The only problem, however, is that somewhere in the course of resisting any undermining of this sacramental understanding of human sexuality, the "sacramental" disappeared in favour of a lop-sided focus on "sexuality". With this disappearance of the sacramental, the covenantal dimension similarly disappeared with it. Shorn of the covenantal outlook, public pronouncements of human sexuality by Christians has now become a self-contained discourse, with little reference to anchor any talk about the biological activity and its natural flow-on effects. Thus, sex has become confined to the physical.

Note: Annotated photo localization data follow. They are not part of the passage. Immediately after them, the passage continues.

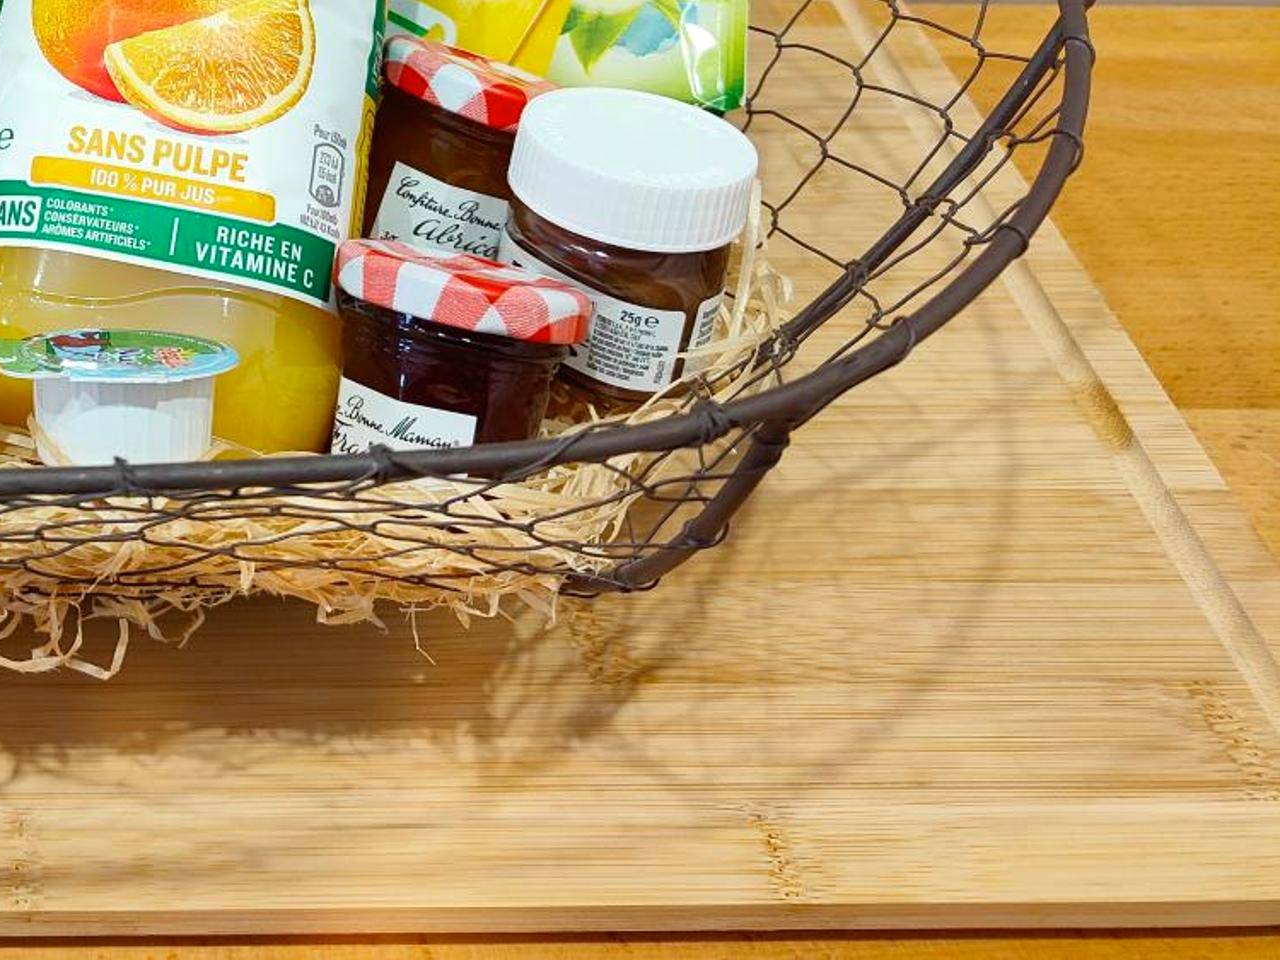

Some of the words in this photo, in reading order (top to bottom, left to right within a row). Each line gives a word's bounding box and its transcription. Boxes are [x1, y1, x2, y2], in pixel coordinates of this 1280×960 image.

[67, 125, 147, 164] SANS
[152, 139, 250, 183] PULPE
[90, 167, 119, 188] 100
[141, 177, 176, 197] PUR
[180, 183, 216, 204] JUS
[395, 176, 452, 220] Confiture
[453, 200, 502, 232] Bonne
[216, 225, 275, 254] RICHE
[281, 240, 302, 262] EN
[413, 218, 497, 258] Abrico
[195, 241, 298, 283] VITAMINE
[303, 268, 314, 288] C
[344, 395, 384, 433] Bonne
[385, 416, 453, 450] Maman

What is worse, however, is that shorn of the sacramental and the covenantal ecology to house the discourse on sexuality, Christians seem to have entertained the notion generated by media entrepreneurs that the only thing that they can uniquely contribute to the public discourse is an already impoverished discourse of human sexuality. Beyond the groin, it is presumed that non-Christian concepts, institutions and practises and the cultural and financial elites that deploy them can safely have the monopoly on ecology, economics, war, peace, art, education, culture, food, city life, urban life and conceptions of what the good life is. 

This supposed division of labour is not benign, but is a form of commodification by what St. Paul calls the "powers and principalities of this world", creating that bourgeois Christianity so loved by political pundits and marketeers. Being so commodified, the Church has  now become little more than a zone where people get told about how to sleep with each other. In so doing, the Church has become distorted from this wide-spanning reality (which is what a sacramental ecology calls for), into a virtual world where sexual practice, and only sexual practice, is the central public concern. Commodified in this fashion by the powers and principalities of this world, the Church has become the strange inversion of the pornified culture it is trying to resist. 

The key here is not in the rejection of resisting a pornified culture, but in realising that the Church's resistence to that culture is founded on an infinitely richer understanding of what the world - and within that, human sexuality - is. This understanding must be coupled with the resisting of pressures to bring to public discourse and practice, even in translated form, of its sacramental and covenantal heritage.